-- EXTRACTED MATERIAL --
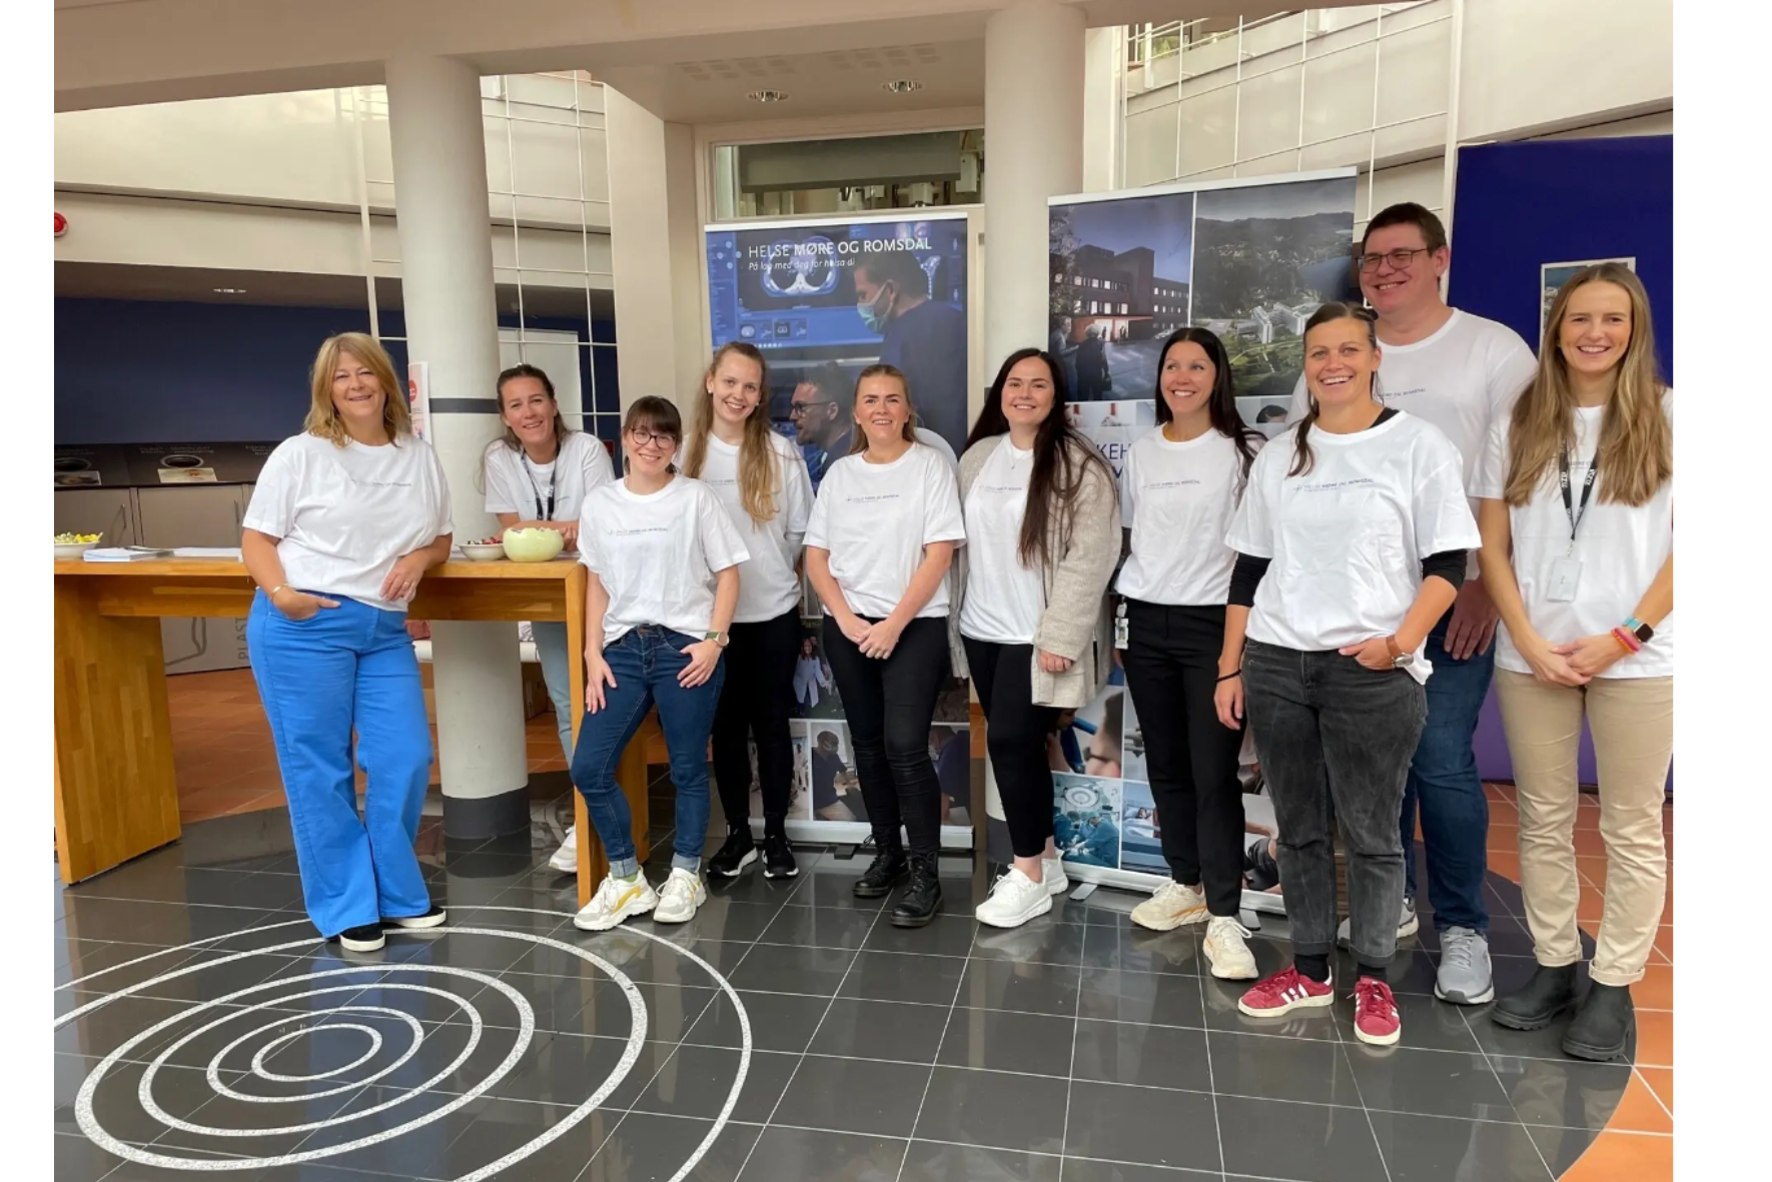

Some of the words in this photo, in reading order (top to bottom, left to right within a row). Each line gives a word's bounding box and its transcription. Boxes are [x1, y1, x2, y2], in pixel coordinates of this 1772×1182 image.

[748, 244, 790, 258] HELSE
[794, 241, 834, 256] MØRE
[837, 240, 859, 254] OG
[863, 237, 932, 253] ROMSDAL
[748, 262, 759, 271] På
[775, 260, 792, 269] med
[810, 260, 823, 271] for
[847, 257, 855, 267] di
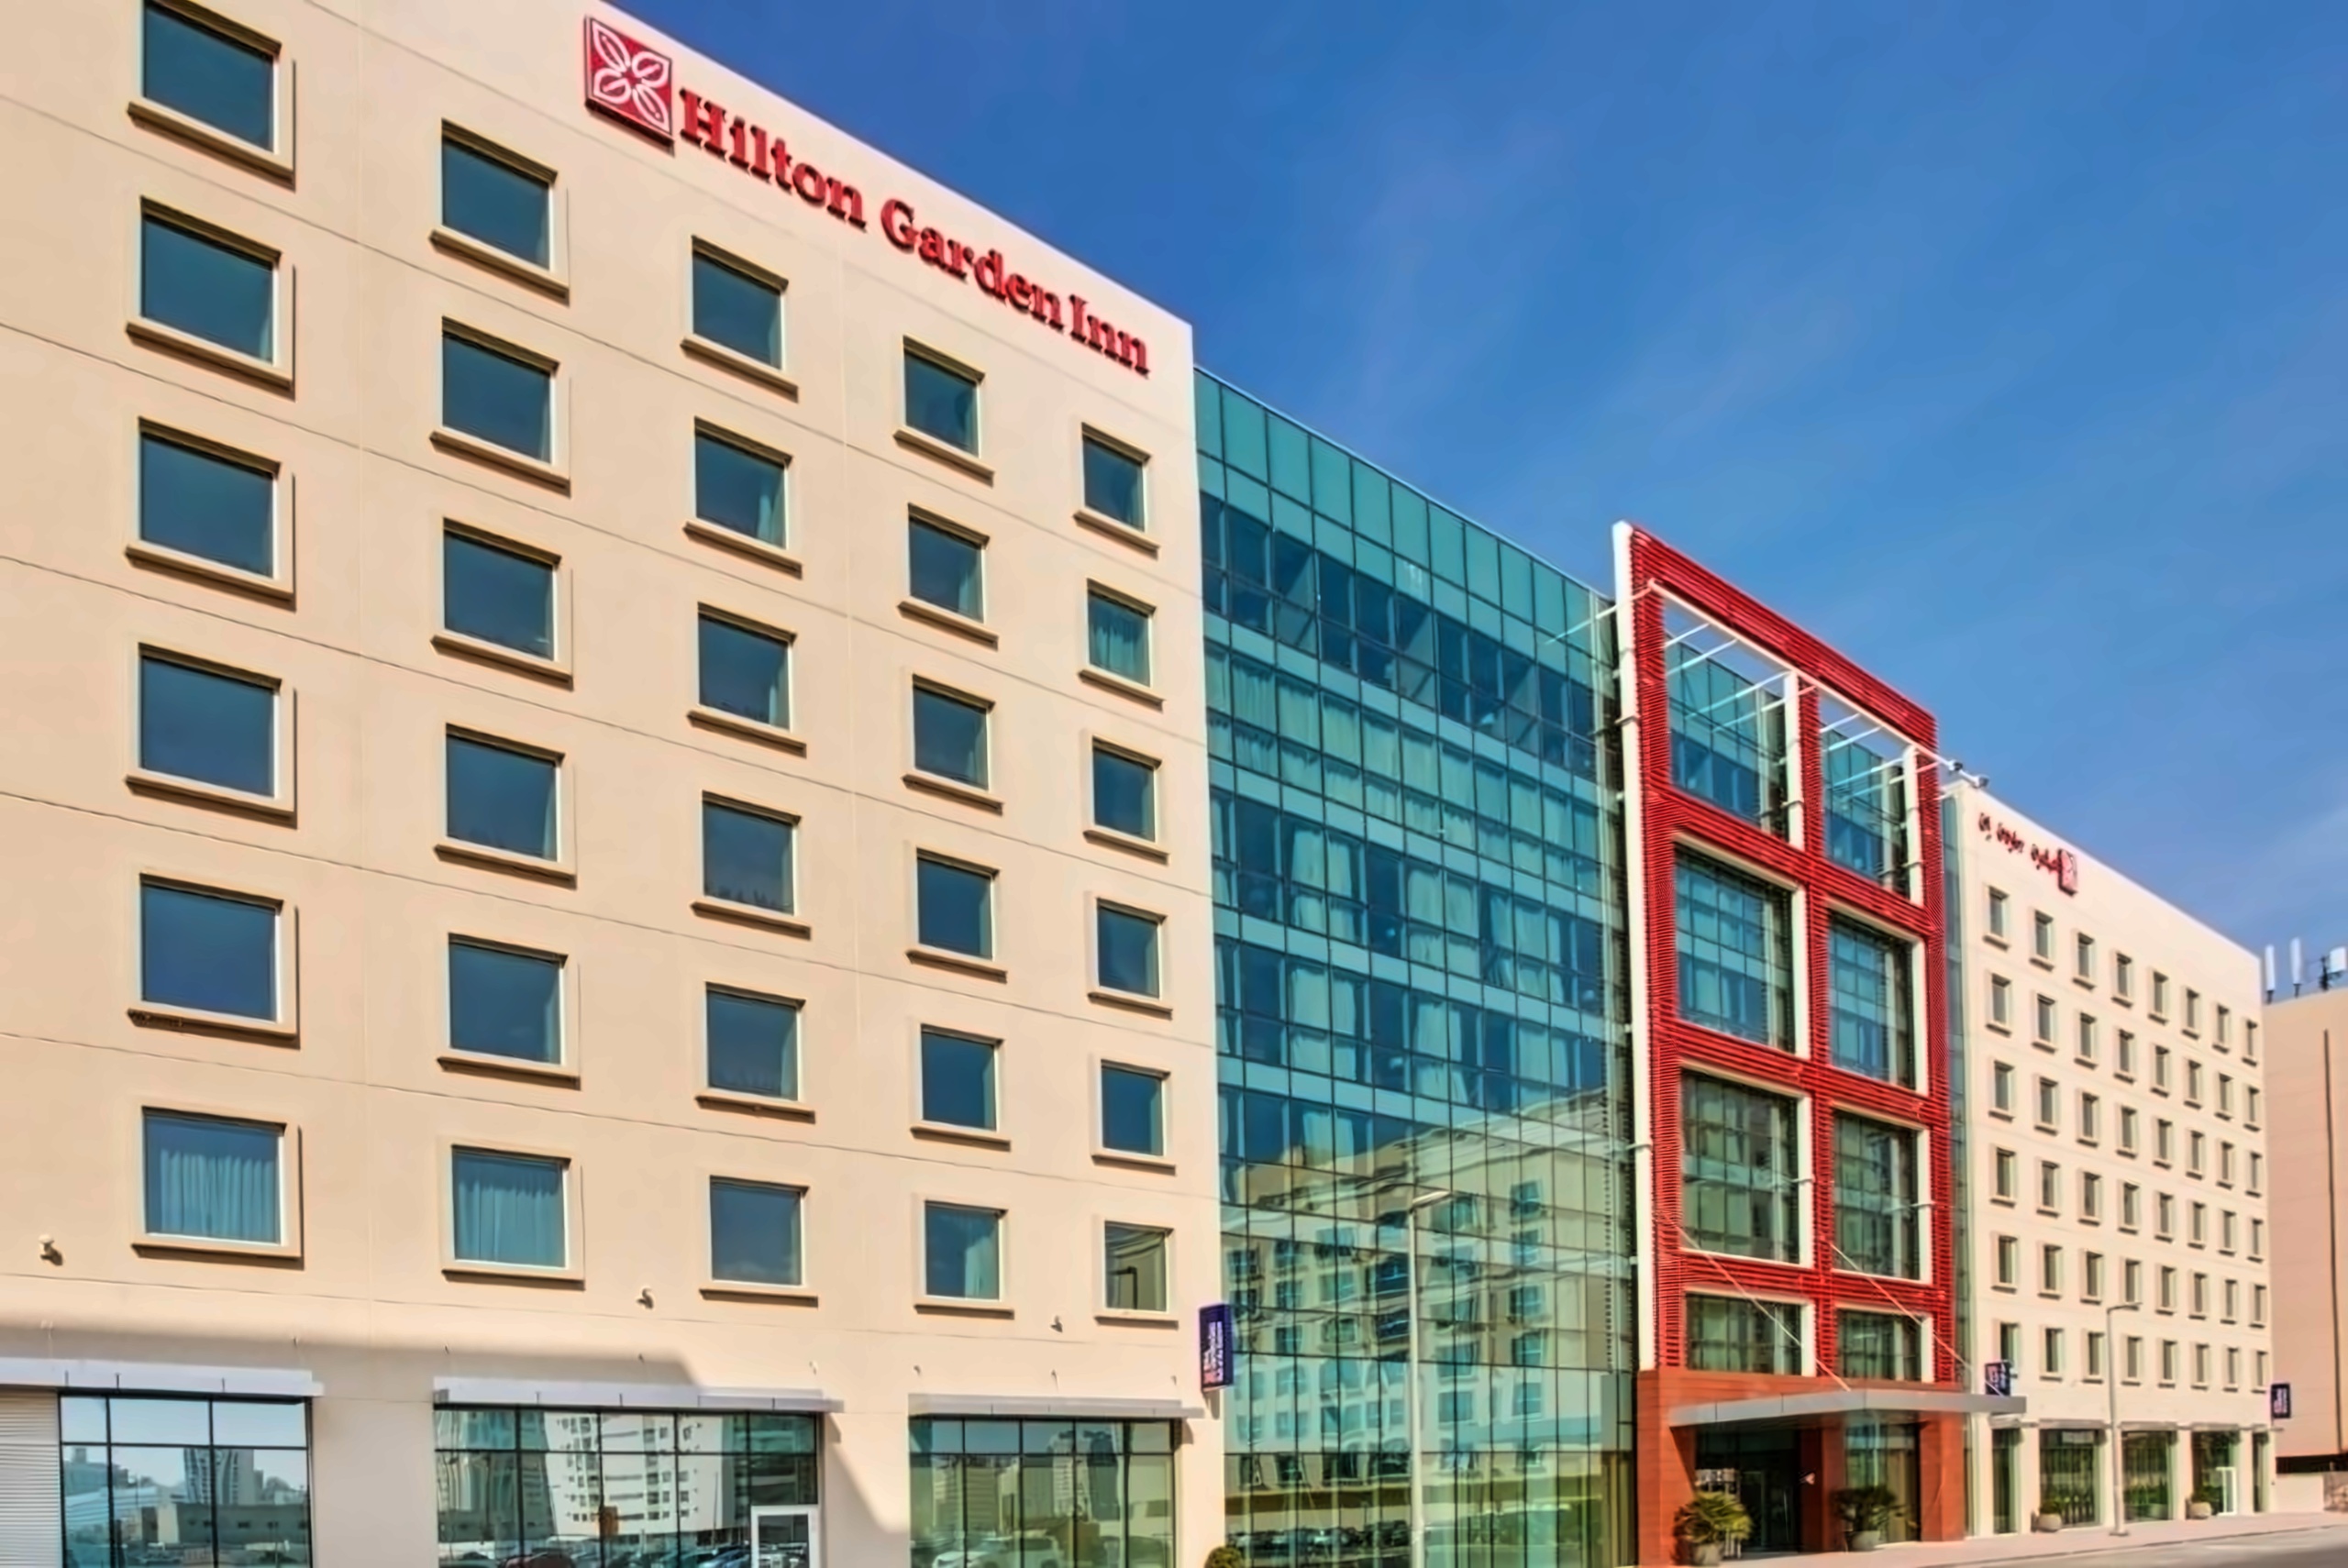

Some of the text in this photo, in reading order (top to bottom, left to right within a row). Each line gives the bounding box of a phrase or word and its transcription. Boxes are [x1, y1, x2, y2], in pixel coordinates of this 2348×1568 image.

[679, 88, 1149, 377] Hilton Garden Inn

-- ABOUT THIS EXERCISE --
Please reproduce the line containing "Some of the text" and each line after it to the end of the listing, exactly, with nothing added or left out.

-- RESPONSE BOX --
Some of the text in this photo, in reading order (top to bottom, left to right within a row). Each line gives the bounding box of a phrase or word and its transcription. Boxes are [x1, y1, x2, y2], in pixel coordinates of this 2348×1568 image.

[679, 88, 1149, 377] Hilton Garden Inn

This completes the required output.